Chronique Vin du vendredi
Dans Bakchich, il y a beaucoup de Bacchus, mais nous n’écrivions pas en vins ! C’est fini, coude levé de conserve, nous avons décidé de partager les nectars hallucinogènes avec nos internautes tant aimés. Bien sûr, ce sera parfois iconoclaste, voire un peu le bordel. Pas le genre Hachette ou Michelin. Plutôt « Insurrection qui Vient »…. Premier essai et polémique, Jean-Moïse, notre sommelier, et notre Vieux Con se disputent le goulot des bouteilles d’Anjou ! Ca commence bien…
Jean-Moïse Braitberg, camarade buveur, a parfaitement raison, ce salon des vins de Loire, tenu à Angers, a montré que trop de viticulteurs produisent du vin comme TF1 des émissions : pour vendre de l’espace papillaire, tous les moyens sont bons.
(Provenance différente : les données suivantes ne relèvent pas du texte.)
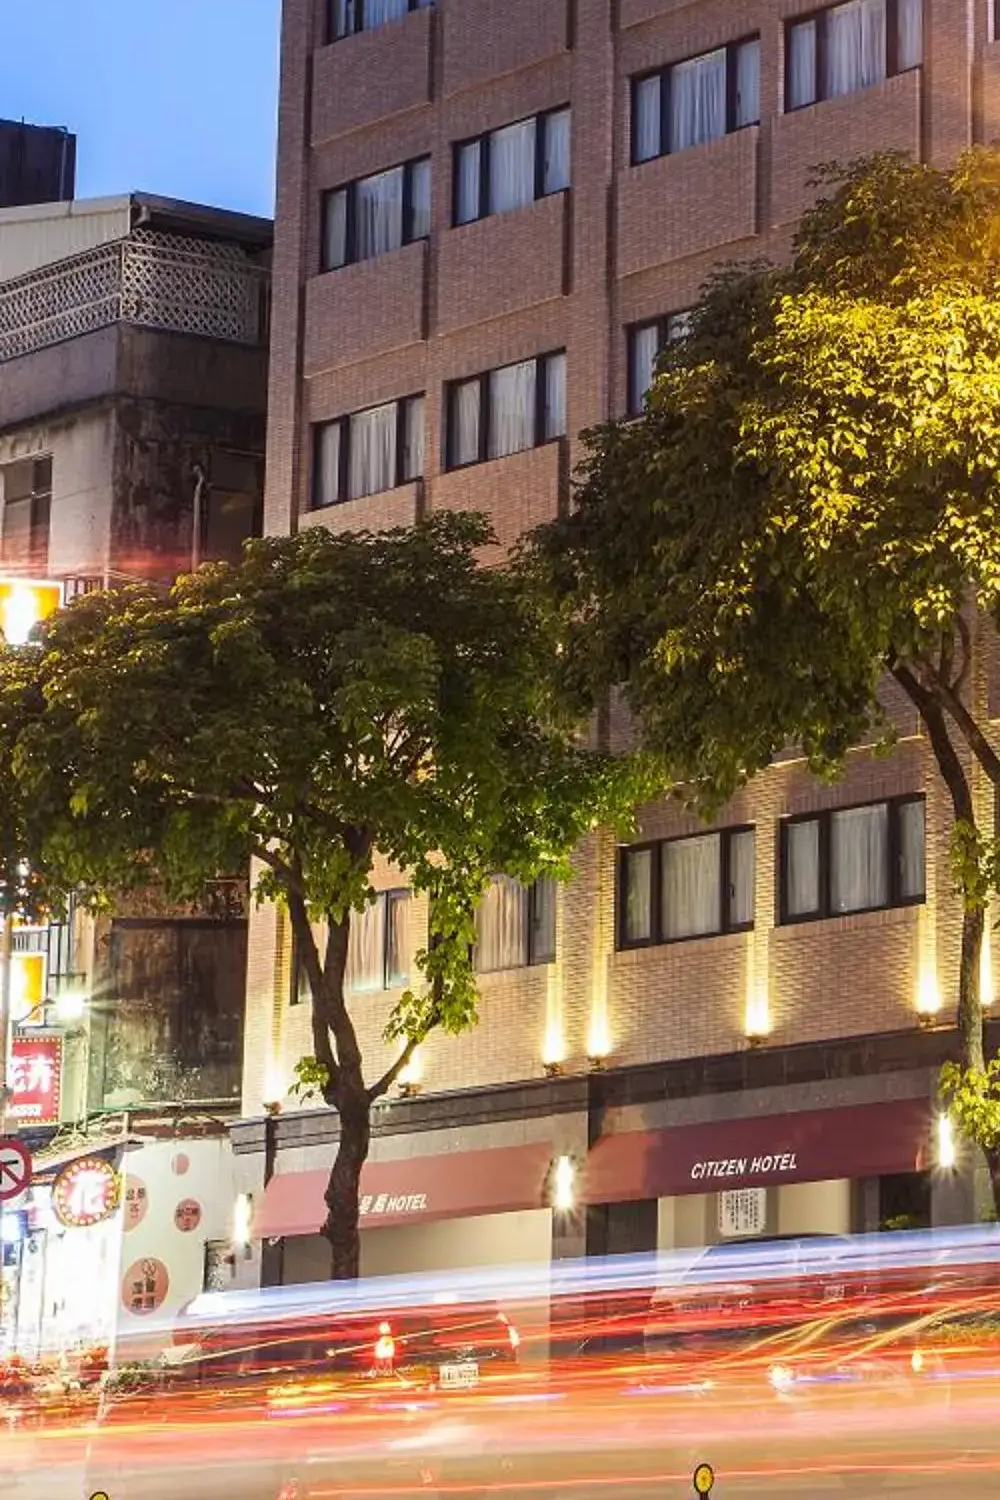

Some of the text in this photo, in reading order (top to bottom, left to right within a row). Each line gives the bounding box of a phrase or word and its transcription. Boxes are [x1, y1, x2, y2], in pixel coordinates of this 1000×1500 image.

[691, 1153, 797, 1179] CITIZEN HOTEL
[386, 1193, 427, 1213] HOTEL
A quand le vin mondial, le coca-vin ?
Pourtant, en tant que leader et unique militant du Mouvement Révolutionnaire pour l’indépendance de l’Anjou, je trouve que ceux qui n’ont pas péché en allant s’exhiber à la foire ne méritent pas d’être jetés avec l’eau du bébé.
Après des années de pesticides et de production boostée à la chimie, bon nombre de jeunes vignerons (et même en saumur-champigny), ont adopté les standard prônés depuis 30 ans par Nicolas Joly, ce génial homme des ceps qui faisait naguère figure de fou.
Théosophe, c’est-à-dire convaincu que chaque morceau de religion contient sa vérité, Nicolas est un sage qui ne veut pas déranger la nature. Quand il creuse une cave, il replace les pierres dans le fils de la veine. Quand il fait de la vigne, il applique la « biodynamique », technique ancienne, ultra écolo, mais qui est maintenant à la mode. Avec sa biodynamique, Joly produit depuis des années un des meilleurs vins du monde, la « Coulée de Serrant » à Savennières.
Donc, dans les vignes d’Anjou, on peut voir maintenant des types, disciples de Nicolas, laisser pousser l’herbe entre les rangs, planter des haies, amender au crottin ou à la corne façon druides. Et ça fonctionne. Les vins sont entre bons et excellents et jamais très chers.
Depuis Louis XI, le vin des rois en Anjou c’est le liquoreux, comme le coteau de layon et son « Quart de Chaume », et autres bonnezeaux. Mais ici, nous abordons un terrain très difficile, genre 4X4 obligatoire pour s’en sortir. A partir d’une interprétation libre des textes qu’il a mis en ligne sur son site, je donne la parole à Patrick Baudoin, jeune vigneron et génie en herbe de Chaudefonds-sur-Layon (49). Un Saint Just du cru qui abonde dans le sens du sucré cher à Jean-Moïse Braitberg :
LA PLAIE DES LIQUOREUX EN FRANCE, C’EST LA CHAPTALISATION !
Je crois que la France (exceptées les Vendanges Tardives et Sélections de Grains Nobles d’Alsace), qui se veut le phare des grands vins dans le monde, est un des seuls pays où la chaptalisation des liquoreux est permise, depuis les années 20. Les conséquences sont multiples, catastrophiques, et largement sous-estimées par les consommateurs. Ce que nous recherchons par la concentration naturelle, ce n’est pas ce que donnent des sucres exogènes de la chaptalisation. Notre but, c’est de fournir plus de matière, des arômes confits qui évoluent merveilleusement avec le temps, en particulier ceux dus au botrytis. En général, un vin issu de botrytis va se stabiliser plus facilement seul qu’un vin fabriqué : donc moins de soufre. Mais les liquoreux chaptalisés dominent le marché. Conséquences, on trouve trois familles de consommateurs de ces vins : ceux qui ne veulent plus entendre parler des liquoreux (trop d’alcool, pâteux, soufrés) ; ceux qui s’y font… et ceux qui boivent les moins mauvais des fabriqués.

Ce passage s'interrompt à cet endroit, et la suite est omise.